I hope this answers most of people's concerns and finally puts an end to this senseless dead horse beating. While I understand not everyone is a developer and not every developer knows the ins and outs of mobile systems, this personally feels like an Issue opened for a purely pedantic argument that could easily be answered by simply researching online and reading the official Apple/Google documentation.

[lmasellis]

Practical demonstration of how one can spend a lot of words to say actually nothing.

[echeoquehaii]

While it might be indeed true that the market share of phones without Google Play Services Framework might be very low, this doesn't imply that the app NEEDS to rely on it. As a pure example, the Norwegian COVID tracing app dosen't rely on Play Services, can be downloaded directly from the Health Ministry webpage and works flawlessly. This means that the decision of making the app dependant on the A/G Framework is purely political and based on the agreements made with such companies, but is not at all necessary for the functioning of the app.

The problem with saying that the number of people not having Play Services is very low is that it shows complete disrespect for such people.

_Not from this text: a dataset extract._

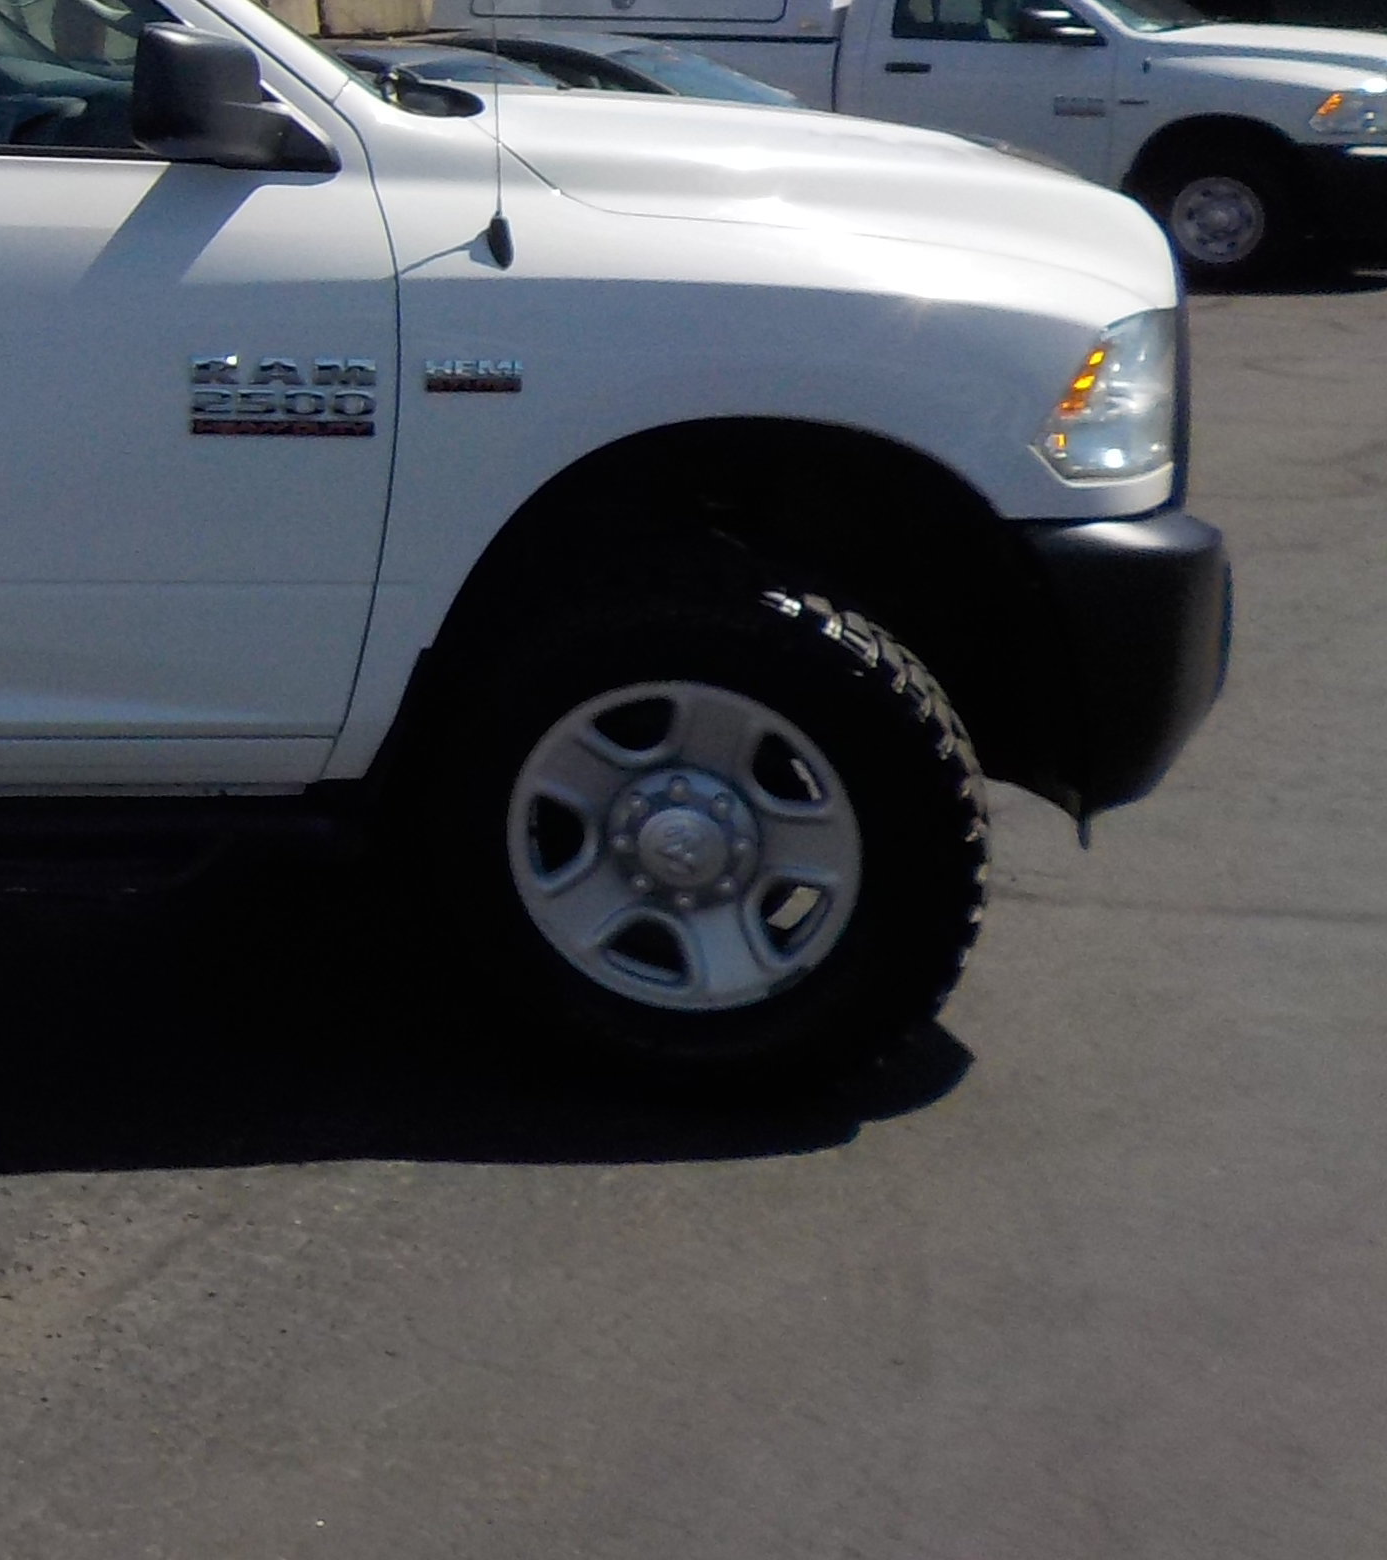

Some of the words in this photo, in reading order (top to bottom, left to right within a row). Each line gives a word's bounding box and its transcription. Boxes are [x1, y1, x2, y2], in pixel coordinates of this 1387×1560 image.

[190, 355, 376, 386] RAM
[425, 360, 524, 378] HEMI
[190, 388, 376, 417] 2500

It might not be relevant from a statistical point of view for the aggregate data and epidemics control, but it is FUNDAMENTAL that people are given the right and means to know if they have been in contact with any infected person. I, as an individual, take care of my health and try to protect myself and my own family and social circle from getting the virus. The government's sponsored app doesn't allow me to do that because of political reasons.

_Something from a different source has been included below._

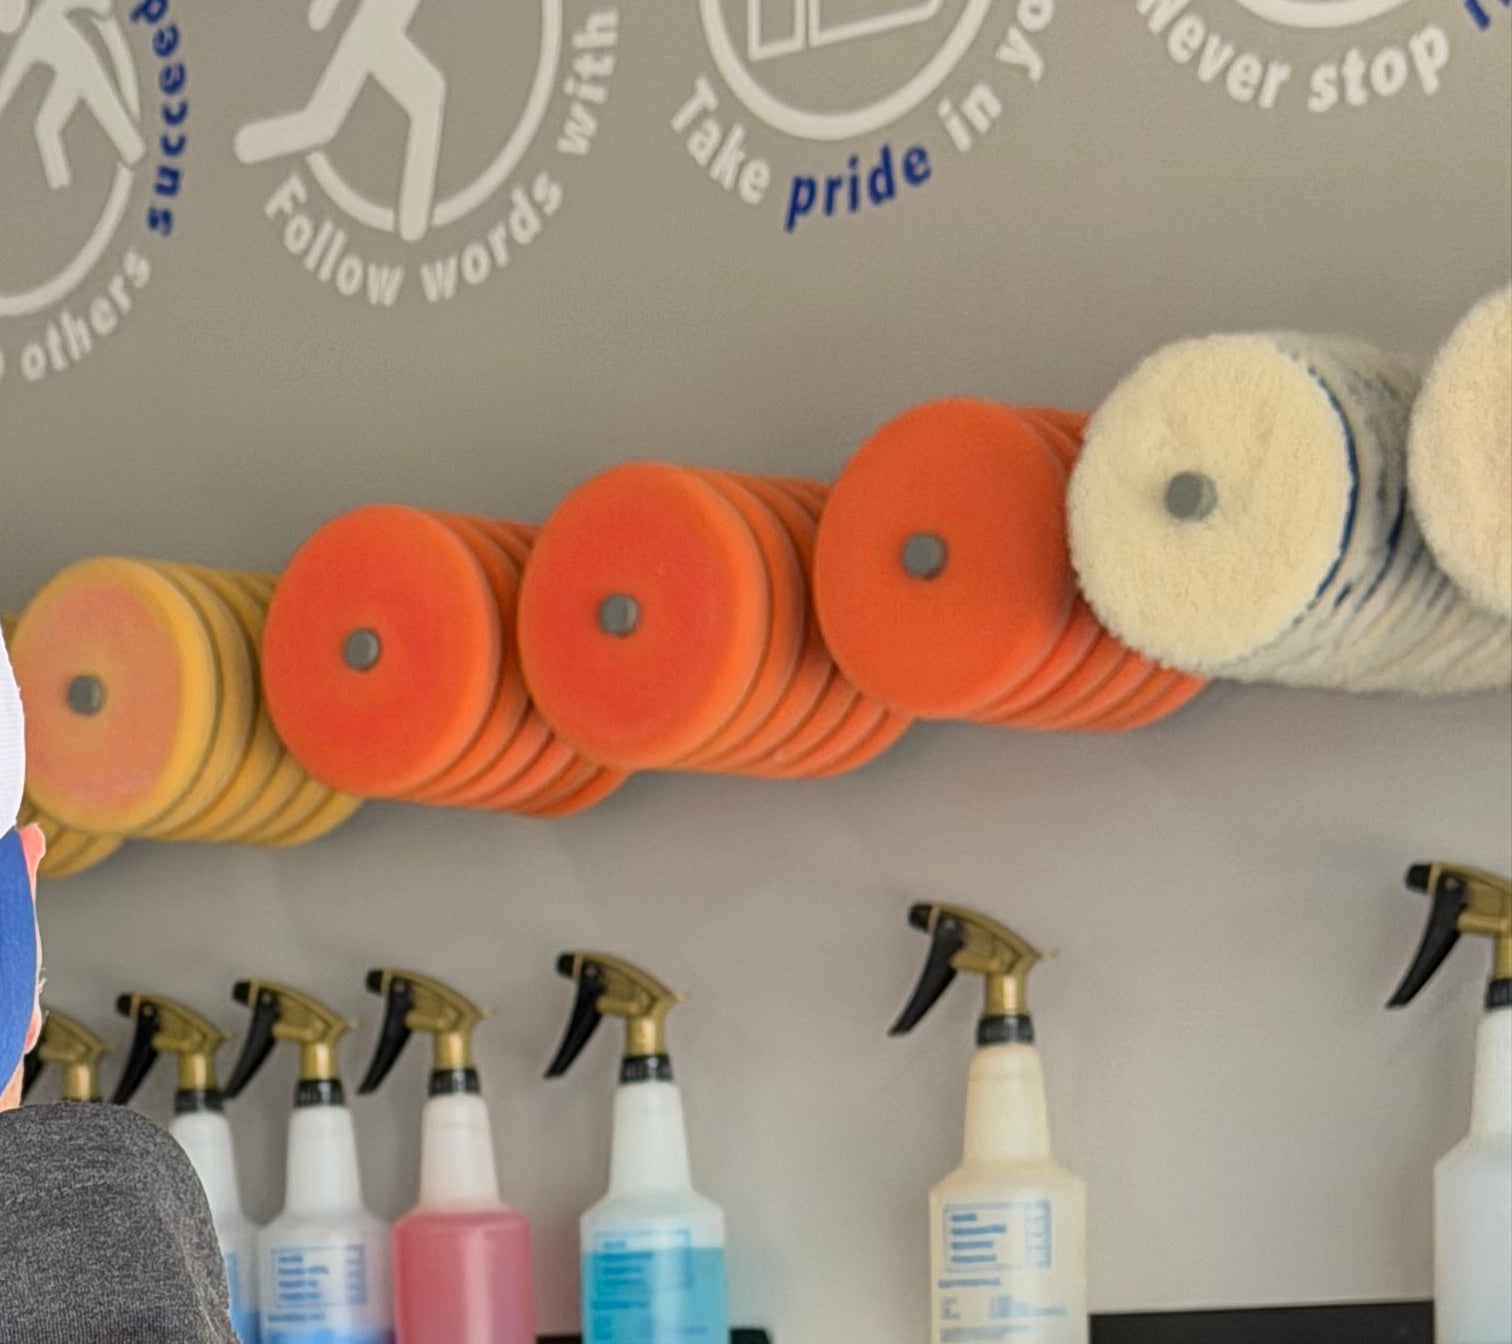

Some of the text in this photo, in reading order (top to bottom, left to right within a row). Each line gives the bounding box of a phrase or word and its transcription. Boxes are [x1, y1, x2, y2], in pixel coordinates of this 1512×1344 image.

I AM DISGUSTED and VERY VERY ANGRY, also by the disrespect and superficiality showed by the replies of some users and developers.

[echeoquehaii]

If your gripe is with the Exposure Notification Framework implementation being closed source, locked inside a closed source component which is nearly impossible to reverse engineer successfully then I am 100% with you and I truly despise Google for not even considering releasing it as a Chimera module (the internal name for dynamically loaded Google Play Framework modules) and open sourcing it specifically, but this is something that should be discussed directly with Google as neither the Government or Bending Spoons (and I want to make it very clear that I am NOT affiliated with either of them or Google/Apple in any way and I do not support the decisions they took so far regarding Immuni) have powers over how the system is implemented. The decision to use it is the only thing they can control but the drawbacks and limitations of both Android and iOS force the reliance on system-provided implementations, otherwise it will result in either permanet battery life shortening or flawed, unreliable communication as it was already discussed by almost every single system, including those who still did not decide to rely on Exposure Notification Framework APIs.

So, any implementation of a tracing app that follows the PEPP-PT guidelines is not possible due to the limitations of Android and Apple systems, without incurring in battery draining issues and unreliable communication? There is no way at all? If this would be true that means that any government in the world is not be able (or willing to?) to obtain any guarantees and standards from IT companies, on issues like this which are of major national interest. That would be really really worrying, much more than I thought.

The Exposure Notification Framework API should at least be allowed to be installed separately, instead of being incorporated in the Google Play Services Framework so that people could install it also on other systems which don't get the Play Services update. Or, why not open sourcing the Framework and let anyone implement it in their apps?